BRM was there again, this time ostensibly to race, but the programme wisely sounded a cautionary note: ‘Today the BRM makes its racing debut. Do not expect too much. The drivers are new to their mount; the pit organisation is untried; the BRM may show the usual temperamental irritations of the thoroughbred.’
Although two V16s were entered, neither appeared in practice, and ultimately one car was flown on race morning from Folkingham to RAF Cranwell, whence it was transported to Silverstone, complete with police escort. Raymond Sommer had somehow been prevailed upon to drive the V16 and, in the absence of any practice, it seemed a sound plan to let him get the feel of it before the race; therefore he drove three laps on a damp track, and that was deemed sufficient to allow him to start.
After Farina had walked the first heat, the other half of the field came to the grid for the second, with Fangio and Ascari at the front, and Sommer necessarily at the back. There were 15 cars altogether, and when the flag went down 14 of them rushed away towards Copse.
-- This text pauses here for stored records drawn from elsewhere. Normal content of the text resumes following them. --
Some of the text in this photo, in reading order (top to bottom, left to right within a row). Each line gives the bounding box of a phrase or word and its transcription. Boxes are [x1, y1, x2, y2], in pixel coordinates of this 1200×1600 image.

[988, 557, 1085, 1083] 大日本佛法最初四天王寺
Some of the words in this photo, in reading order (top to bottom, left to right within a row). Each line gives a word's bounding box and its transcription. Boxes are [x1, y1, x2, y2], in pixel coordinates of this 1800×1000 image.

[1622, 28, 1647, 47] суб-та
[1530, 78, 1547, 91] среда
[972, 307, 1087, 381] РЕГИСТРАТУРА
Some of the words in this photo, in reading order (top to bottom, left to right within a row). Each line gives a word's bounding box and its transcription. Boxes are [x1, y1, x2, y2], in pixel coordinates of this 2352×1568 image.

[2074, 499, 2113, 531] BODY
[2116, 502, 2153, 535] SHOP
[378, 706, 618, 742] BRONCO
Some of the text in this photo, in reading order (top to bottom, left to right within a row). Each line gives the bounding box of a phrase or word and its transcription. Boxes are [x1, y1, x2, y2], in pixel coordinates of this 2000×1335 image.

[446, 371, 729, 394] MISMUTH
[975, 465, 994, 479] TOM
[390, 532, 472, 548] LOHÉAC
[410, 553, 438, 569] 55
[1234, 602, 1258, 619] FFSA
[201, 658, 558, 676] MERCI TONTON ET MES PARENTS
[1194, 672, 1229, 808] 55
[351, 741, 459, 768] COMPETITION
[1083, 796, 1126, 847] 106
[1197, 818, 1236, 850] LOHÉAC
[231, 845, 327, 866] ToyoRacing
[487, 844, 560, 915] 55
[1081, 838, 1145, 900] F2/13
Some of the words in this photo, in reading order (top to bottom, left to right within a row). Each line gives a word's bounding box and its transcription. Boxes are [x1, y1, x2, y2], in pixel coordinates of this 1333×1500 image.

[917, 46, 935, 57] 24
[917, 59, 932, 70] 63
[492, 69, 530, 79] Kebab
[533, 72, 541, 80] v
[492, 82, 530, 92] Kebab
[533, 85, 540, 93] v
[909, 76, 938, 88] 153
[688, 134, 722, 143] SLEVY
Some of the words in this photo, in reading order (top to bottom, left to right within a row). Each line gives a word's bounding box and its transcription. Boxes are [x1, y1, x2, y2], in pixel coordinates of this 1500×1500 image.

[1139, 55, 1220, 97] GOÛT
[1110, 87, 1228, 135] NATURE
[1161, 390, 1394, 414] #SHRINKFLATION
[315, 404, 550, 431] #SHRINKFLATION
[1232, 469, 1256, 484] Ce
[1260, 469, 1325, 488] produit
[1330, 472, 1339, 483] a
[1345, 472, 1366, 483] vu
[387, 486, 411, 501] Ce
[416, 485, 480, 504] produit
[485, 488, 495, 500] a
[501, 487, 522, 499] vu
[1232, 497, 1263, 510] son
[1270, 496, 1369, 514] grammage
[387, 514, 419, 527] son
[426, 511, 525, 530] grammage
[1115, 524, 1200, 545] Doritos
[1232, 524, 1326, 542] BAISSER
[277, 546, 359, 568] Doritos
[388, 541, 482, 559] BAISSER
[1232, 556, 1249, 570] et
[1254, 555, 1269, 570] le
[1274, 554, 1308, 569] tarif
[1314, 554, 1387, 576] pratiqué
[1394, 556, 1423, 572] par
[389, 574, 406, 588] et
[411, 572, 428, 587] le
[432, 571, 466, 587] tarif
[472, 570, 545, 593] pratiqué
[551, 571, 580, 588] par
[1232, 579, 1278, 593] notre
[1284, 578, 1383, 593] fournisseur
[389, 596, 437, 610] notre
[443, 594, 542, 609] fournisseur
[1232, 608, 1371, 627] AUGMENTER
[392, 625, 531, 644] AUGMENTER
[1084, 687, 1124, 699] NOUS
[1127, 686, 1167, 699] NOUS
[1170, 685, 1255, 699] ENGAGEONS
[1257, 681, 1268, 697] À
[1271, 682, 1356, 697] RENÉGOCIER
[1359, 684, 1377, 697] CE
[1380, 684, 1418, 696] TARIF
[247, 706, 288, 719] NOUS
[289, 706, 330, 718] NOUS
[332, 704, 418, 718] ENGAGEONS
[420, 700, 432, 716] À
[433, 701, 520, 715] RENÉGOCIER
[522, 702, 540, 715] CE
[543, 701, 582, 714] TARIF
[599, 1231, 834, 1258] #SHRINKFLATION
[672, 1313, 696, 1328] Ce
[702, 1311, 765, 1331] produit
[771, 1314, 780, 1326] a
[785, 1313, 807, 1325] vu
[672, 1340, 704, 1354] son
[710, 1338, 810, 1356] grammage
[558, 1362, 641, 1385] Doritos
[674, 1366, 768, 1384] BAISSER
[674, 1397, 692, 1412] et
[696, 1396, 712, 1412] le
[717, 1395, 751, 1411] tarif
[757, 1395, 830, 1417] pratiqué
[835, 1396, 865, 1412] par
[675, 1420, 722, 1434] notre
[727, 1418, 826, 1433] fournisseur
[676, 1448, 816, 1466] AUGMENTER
No moment better summed up the BRM V16. There it sat, transmission broken, bellowing impotently as Sommer vainly stirred the gearlever, hoping that drive could be found somewhere. The mechanics pushed the car off the track.
In many respects, Sommer was very much the Gilles Villeneuve of his time, and this public embarrassment — in which he was blameless — was mortifying for him. Even so, he expressed interest in driving the BRM again, but sadly it was never to be; only two weeks later he was killed in his Cooper at Cadours.
Mays found the crowd’s response to the Silverstone debacle “hurtful. There was a BRM Supporters Club,” he said, “and the members had put a lot of money in it. But when the car was pushed back into the paddock, some people very impolitely threw pennies in the seat. Really rather disgusting. If they’d only known what we’d gone through to get that car there.” True enough, but then the spectators had travelled in the hope of seeing the BRM at last do something. And as they queued through the long evening hours to leave, they had occasion to reflect upon that. Even in 1950, hype had its price.
Later in the year, an editorial in The Motor put it rather more elegantly: ‘There remain barely six months before next year’s racing season, and all at BRM must remember that hope deferred makes the heart sick.’
Happily for British motor racing, Tony Vandervell, initially a keen supporter of the BRM project, was soon to dissociate himself from it, to make Formula One plans of his own. And seven years on, his Vanwall would win the British Grand Prix.